Your task:
All entries shown below should be duplicated character for character.

▼▼▼

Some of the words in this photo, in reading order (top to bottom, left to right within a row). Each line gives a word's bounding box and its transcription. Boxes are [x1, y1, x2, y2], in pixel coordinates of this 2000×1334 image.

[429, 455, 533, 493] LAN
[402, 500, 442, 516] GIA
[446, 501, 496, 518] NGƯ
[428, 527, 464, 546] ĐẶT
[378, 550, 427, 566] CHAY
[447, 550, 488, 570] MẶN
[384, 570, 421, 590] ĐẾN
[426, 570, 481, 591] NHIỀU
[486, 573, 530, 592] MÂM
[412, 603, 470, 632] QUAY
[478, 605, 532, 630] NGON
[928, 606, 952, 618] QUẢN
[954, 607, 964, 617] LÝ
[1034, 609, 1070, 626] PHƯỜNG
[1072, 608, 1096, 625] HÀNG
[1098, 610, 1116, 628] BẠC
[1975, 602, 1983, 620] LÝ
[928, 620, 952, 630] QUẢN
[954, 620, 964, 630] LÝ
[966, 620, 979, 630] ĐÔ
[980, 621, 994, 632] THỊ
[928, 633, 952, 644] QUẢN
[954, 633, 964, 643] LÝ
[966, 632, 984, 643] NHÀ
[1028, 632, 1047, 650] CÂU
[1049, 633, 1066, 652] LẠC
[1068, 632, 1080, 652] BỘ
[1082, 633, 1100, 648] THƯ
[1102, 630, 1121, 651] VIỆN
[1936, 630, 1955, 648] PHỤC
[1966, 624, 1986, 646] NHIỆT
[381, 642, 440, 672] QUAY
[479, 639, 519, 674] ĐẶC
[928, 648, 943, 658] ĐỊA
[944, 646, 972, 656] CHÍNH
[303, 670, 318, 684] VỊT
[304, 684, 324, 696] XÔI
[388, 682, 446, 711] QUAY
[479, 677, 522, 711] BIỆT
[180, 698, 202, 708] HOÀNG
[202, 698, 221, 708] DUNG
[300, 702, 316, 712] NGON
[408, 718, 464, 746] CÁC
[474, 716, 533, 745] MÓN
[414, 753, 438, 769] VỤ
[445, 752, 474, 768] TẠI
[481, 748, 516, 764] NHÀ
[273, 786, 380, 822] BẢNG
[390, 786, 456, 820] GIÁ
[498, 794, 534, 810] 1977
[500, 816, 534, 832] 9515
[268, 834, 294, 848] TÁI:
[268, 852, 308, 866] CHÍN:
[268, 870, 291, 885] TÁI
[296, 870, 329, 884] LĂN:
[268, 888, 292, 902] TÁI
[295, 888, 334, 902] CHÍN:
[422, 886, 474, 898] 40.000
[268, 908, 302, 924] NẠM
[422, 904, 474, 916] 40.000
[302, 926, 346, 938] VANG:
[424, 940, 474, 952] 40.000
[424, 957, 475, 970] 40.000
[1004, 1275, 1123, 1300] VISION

▲▲▲

Output for this task:
Some of the words in this photo, in reading order (top to bottom, left to right within a row). Each line gives a word's bounding box and its transcription. Boxes are [x1, y1, x2, y2], in pixel coordinates of this 2000×1334 image.

[429, 455, 533, 493] LAN
[402, 500, 442, 516] GIA
[446, 501, 496, 518] NGƯ
[428, 527, 464, 546] ĐẶT
[378, 550, 427, 566] CHAY
[447, 550, 488, 570] MẶN
[384, 570, 421, 590] ĐẾN
[426, 570, 481, 591] NHIỀU
[486, 573, 530, 592] MÂM
[412, 603, 470, 632] QUAY
[478, 605, 532, 630] NGON
[928, 606, 952, 618] QUẢN
[954, 607, 964, 617] LÝ
[1034, 609, 1070, 626] PHƯỜNG
[1072, 608, 1096, 625] HÀNG
[1098, 610, 1116, 628] BẠC
[1975, 602, 1983, 620] LÝ
[928, 620, 952, 630] QUẢN
[954, 620, 964, 630] LÝ
[966, 620, 979, 630] ĐÔ
[980, 621, 994, 632] THỊ
[928, 633, 952, 644] QUẢN
[954, 633, 964, 643] LÝ
[966, 632, 984, 643] NHÀ
[1028, 632, 1047, 650] CÂU
[1049, 633, 1066, 652] LẠC
[1068, 632, 1080, 652] BỘ
[1082, 633, 1100, 648] THƯ
[1102, 630, 1121, 651] VIỆN
[1936, 630, 1955, 648] PHỤC
[1966, 624, 1986, 646] NHIỆT
[381, 642, 440, 672] QUAY
[479, 639, 519, 674] ĐẶC
[928, 648, 943, 658] ĐỊA
[944, 646, 972, 656] CHÍNH
[303, 670, 318, 684] VỊT
[304, 684, 324, 696] XÔI
[388, 682, 446, 711] QUAY
[479, 677, 522, 711] BIỆT
[180, 698, 202, 708] HOÀNG
[202, 698, 221, 708] DUNG
[300, 702, 316, 712] NGON
[408, 718, 464, 746] CÁC
[474, 716, 533, 745] MÓN
[414, 753, 438, 769] VỤ
[445, 752, 474, 768] TẠI
[481, 748, 516, 764] NHÀ
[273, 786, 380, 822] BẢNG
[390, 786, 456, 820] GIÁ
[498, 794, 534, 810] 1977
[500, 816, 534, 832] 9515
[268, 834, 294, 848] TÁI:
[268, 852, 308, 866] CHÍN:
[268, 870, 291, 885] TÁI
[296, 870, 329, 884] LĂN:
[268, 888, 292, 902] TÁI
[295, 888, 334, 902] CHÍN:
[422, 886, 474, 898] 40.000
[268, 908, 302, 924] NẠM
[422, 904, 474, 916] 40.000
[302, 926, 346, 938] VANG:
[424, 940, 474, 952] 40.000
[424, 957, 475, 970] 40.000
[1004, 1275, 1123, 1300] VISION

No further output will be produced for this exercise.